Church in Tallinn, Estonia

St. Olaf's, or St. Olav's Church (Oleviste kirik; Olaikirche), is a Baptist church in Tallinn, Estonia; originally a Roman Catholic Church, after the Reformation it was a Lutheran church. It is the tallest church building in Estonia – 123.7 meters above ground level, with an observation platform in the church tower at a height of 60 meters. It is assumed that a church stood on the same site before the 12th century, built by Scandinavian merchants and named after the canonized Norwegian King Olav II Haraldsson, who is considered a patron saint of seafarers (also known as Saint Olaf, 995–1030).

==History==
The earliest mention of the church dates back to 1267. At that time, Queen Margaret of Denmark granted the Cistercian convent of St.

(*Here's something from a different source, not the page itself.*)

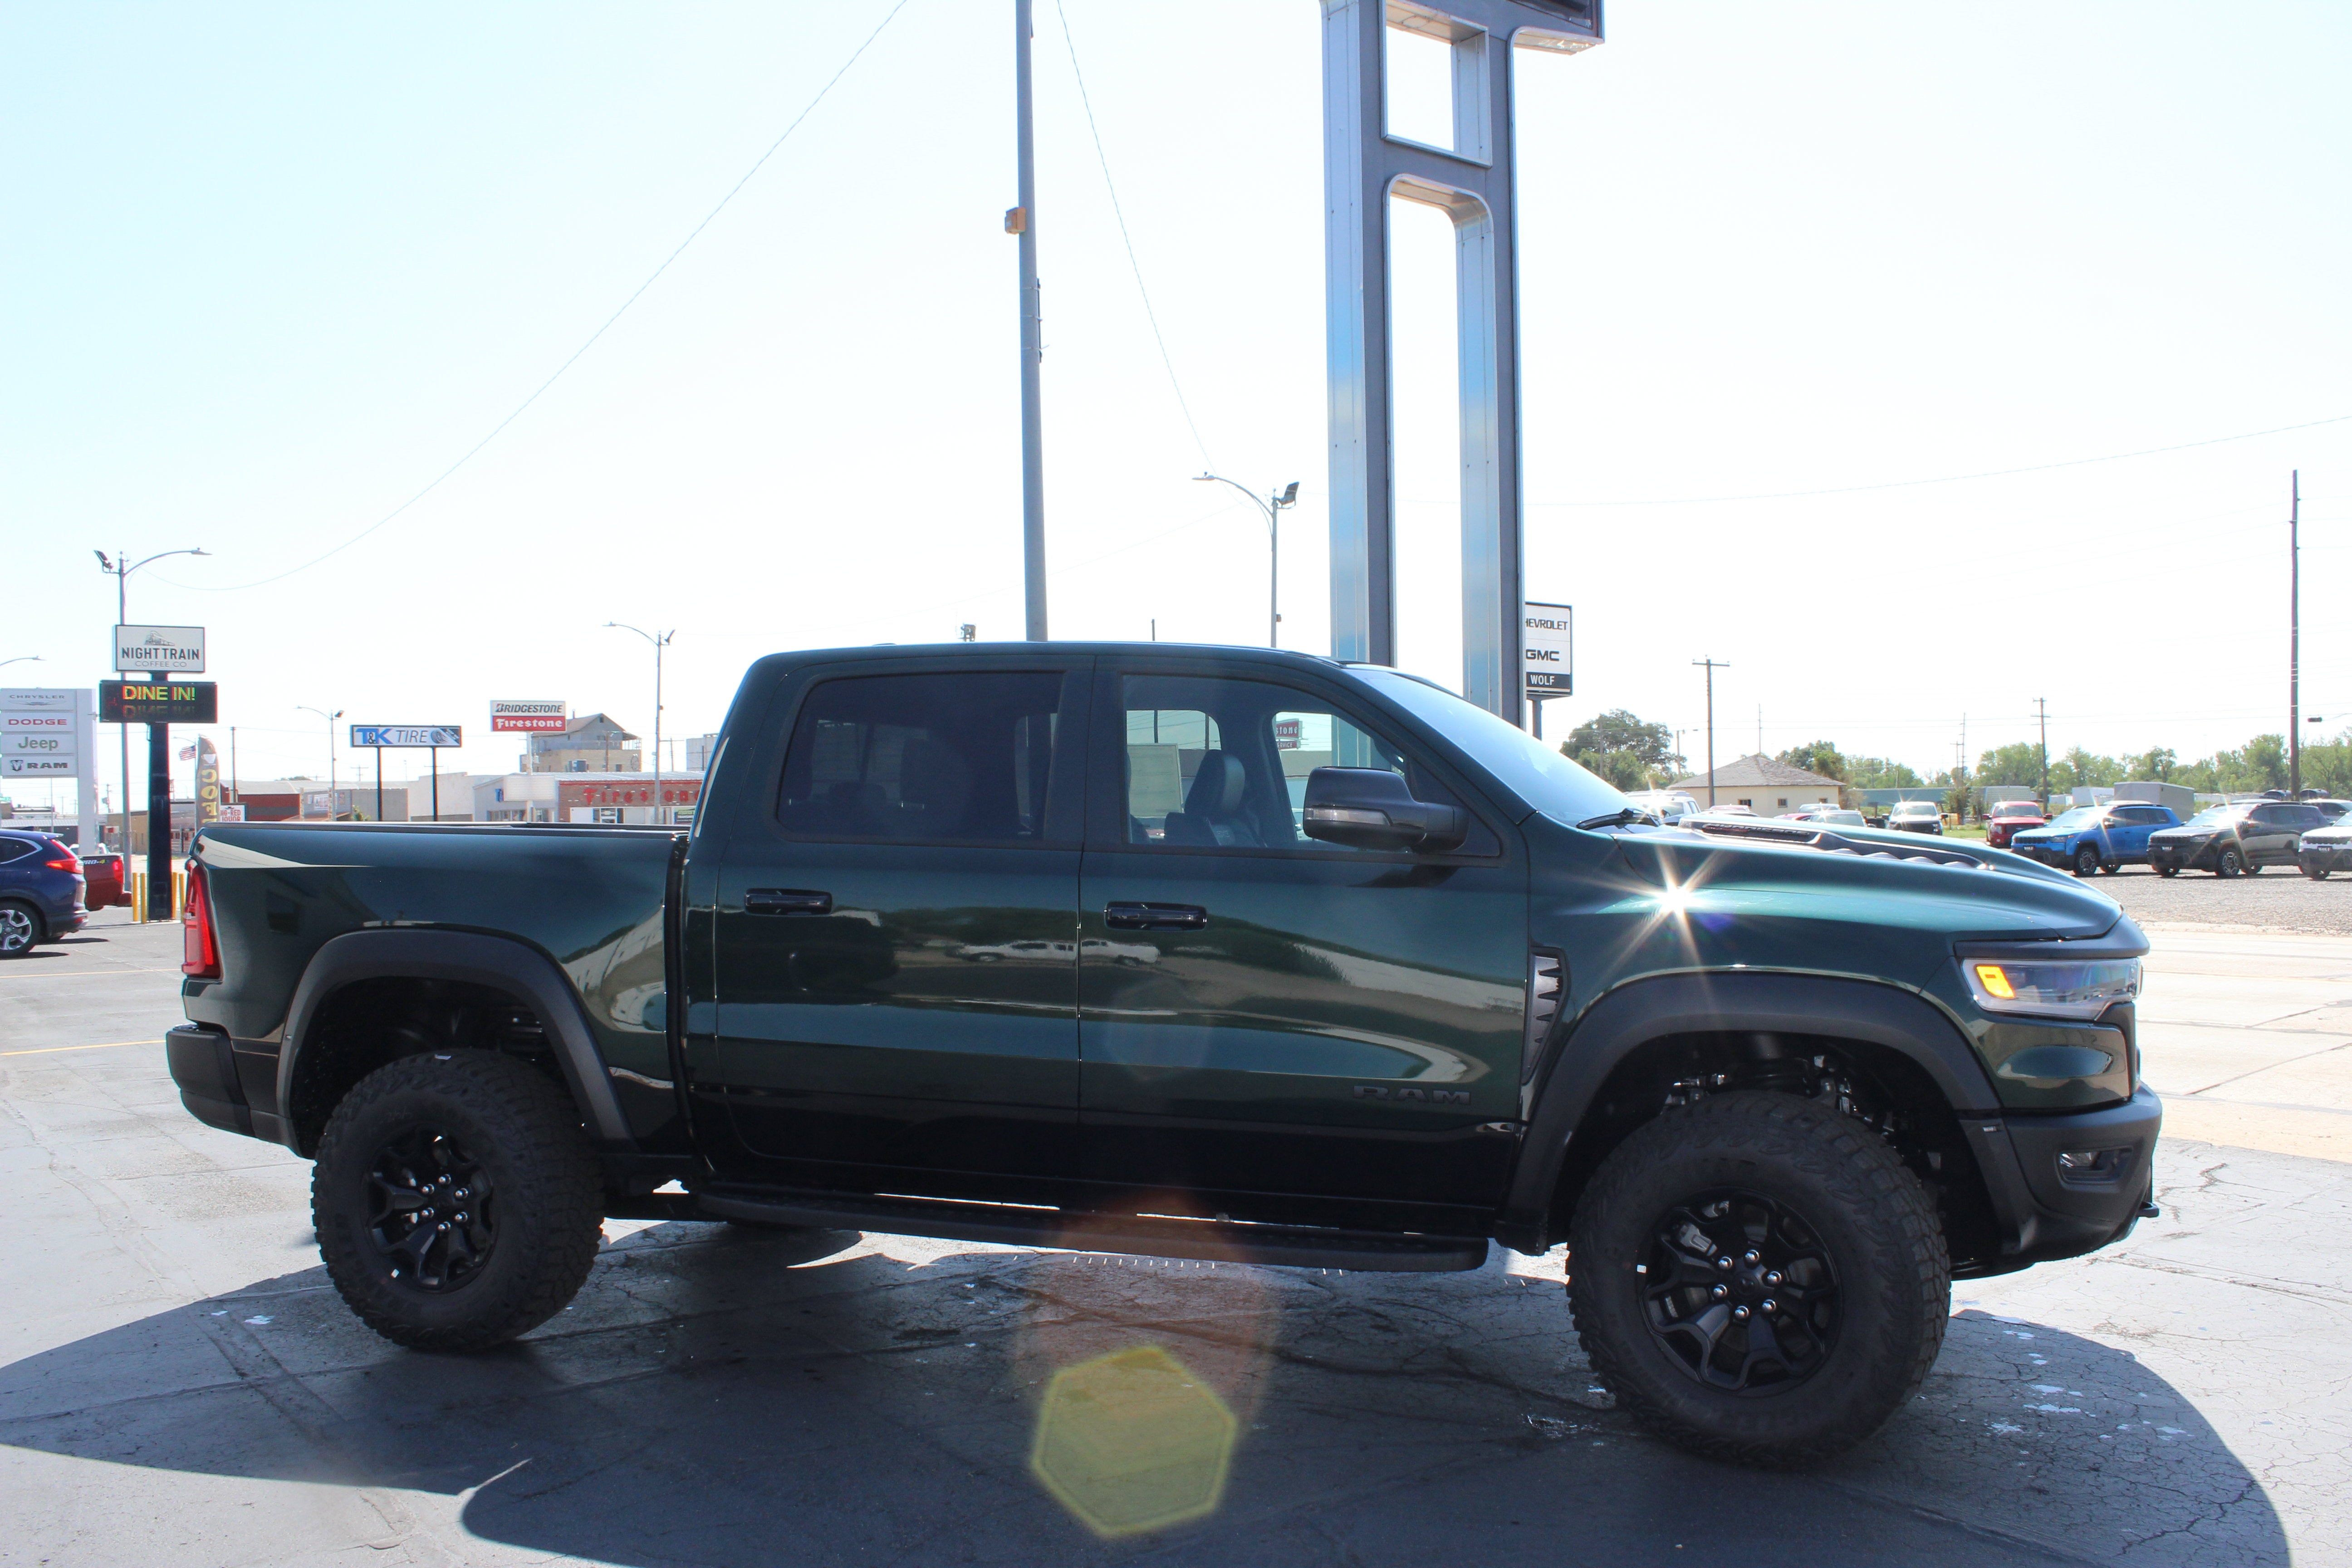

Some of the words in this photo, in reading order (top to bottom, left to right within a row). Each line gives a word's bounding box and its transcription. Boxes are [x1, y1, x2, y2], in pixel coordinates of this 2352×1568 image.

Michael in Reval (Tallinn) the parish rights to St. Olaf's Church. Little is known about the early years of the Gothic church building. Building records from the 14th and 15th centuries attest to the church's expansion; the tower is mentioned in 1364.
St. Olaf's was originally a Catholic church, however, during the 16th century Reformation in Estonia it became part of the local Lutheran tradition and had a large, mostly German-speaking congregation until 1939. As a result of World War II, the church was left without active congregation, and the Soviet occupation regime handed the building over to Baptists in 1950. Since that time, St. Olaf is a Baptist church that continues to conduct services.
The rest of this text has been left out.